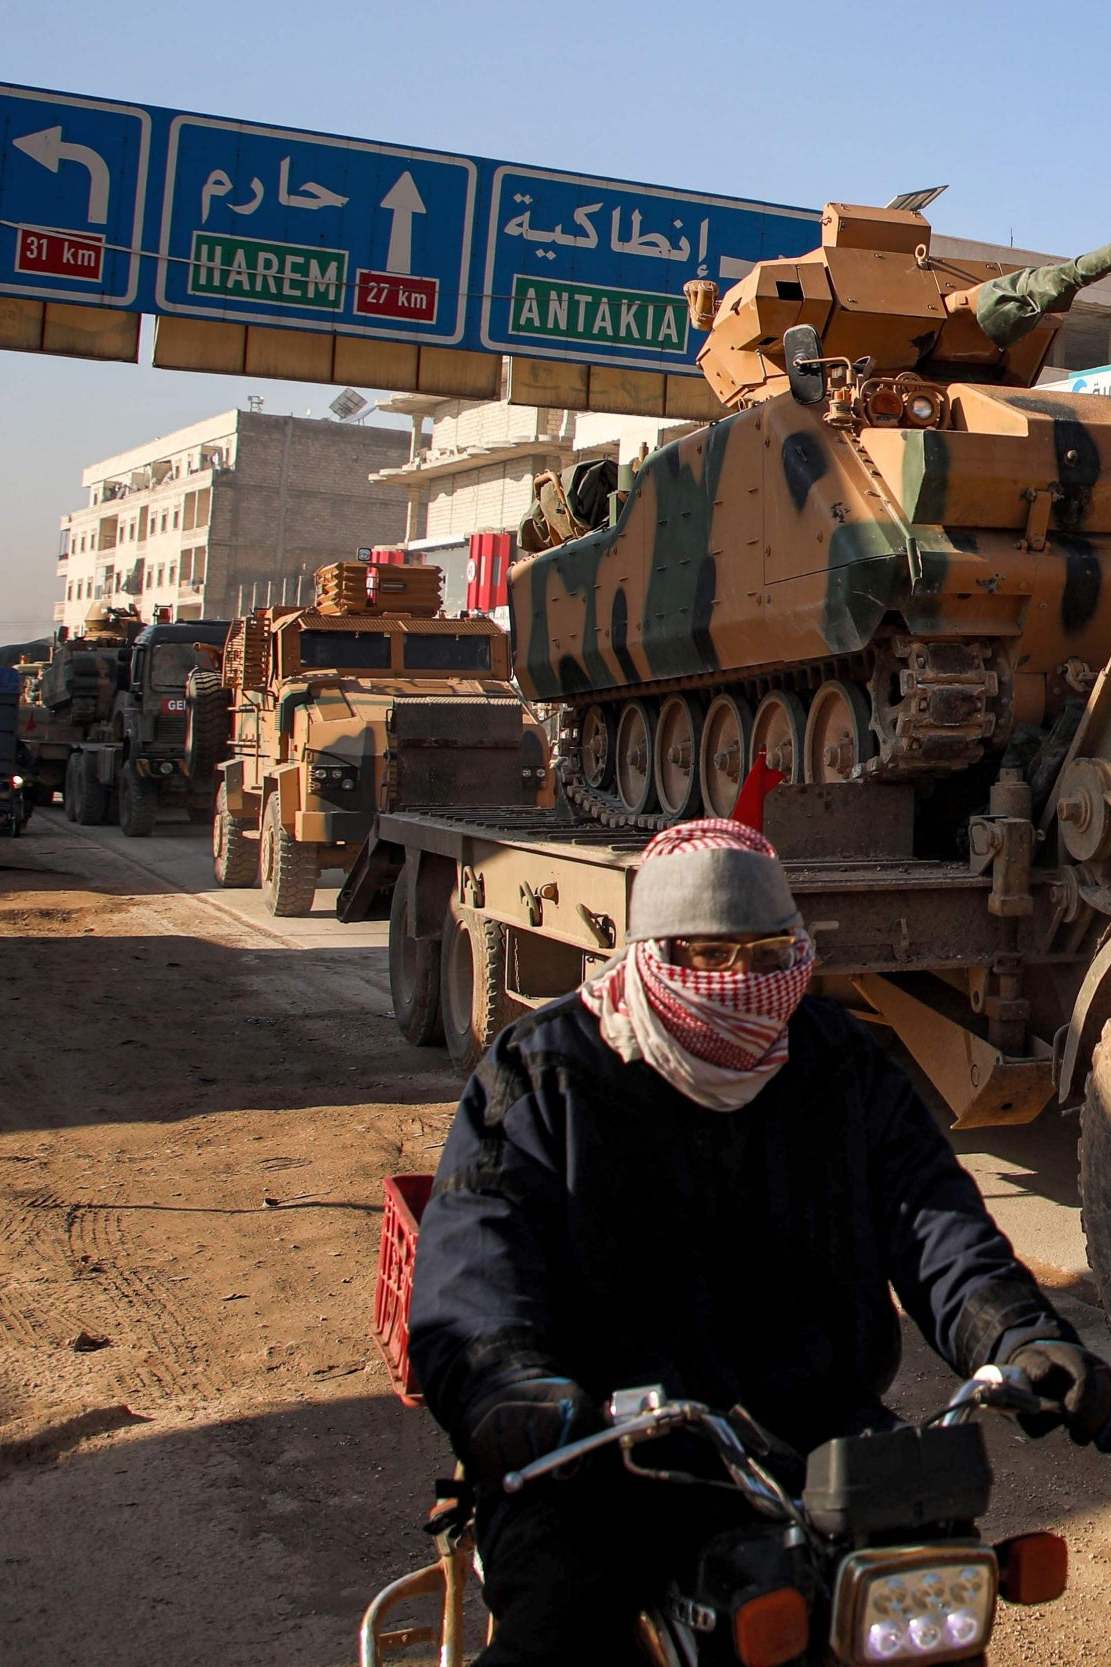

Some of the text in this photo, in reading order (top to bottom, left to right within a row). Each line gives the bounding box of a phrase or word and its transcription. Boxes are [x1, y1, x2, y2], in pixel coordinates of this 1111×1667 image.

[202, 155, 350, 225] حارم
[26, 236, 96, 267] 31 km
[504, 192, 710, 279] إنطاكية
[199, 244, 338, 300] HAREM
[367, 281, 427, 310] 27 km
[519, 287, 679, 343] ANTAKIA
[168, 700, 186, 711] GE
++++++++++++++++++++
▸ Assignment: Pictures aside, reproduce every record exactly as it stands.

▸ Completed task:
Some of the text in this photo, in reading order (top to bottom, left to right within a row). Each line gives the bounding box of a phrase or word and its transcription. Boxes are [x1, y1, x2, y2], in pixel coordinates of this 1111×1667 image.

[202, 155, 350, 225] حارم
[26, 236, 96, 267] 31 km
[504, 192, 710, 279] إنطاكية
[199, 244, 338, 300] HAREM
[367, 281, 427, 310] 27 km
[519, 287, 679, 343] ANTAKIA
[168, 700, 186, 711] GE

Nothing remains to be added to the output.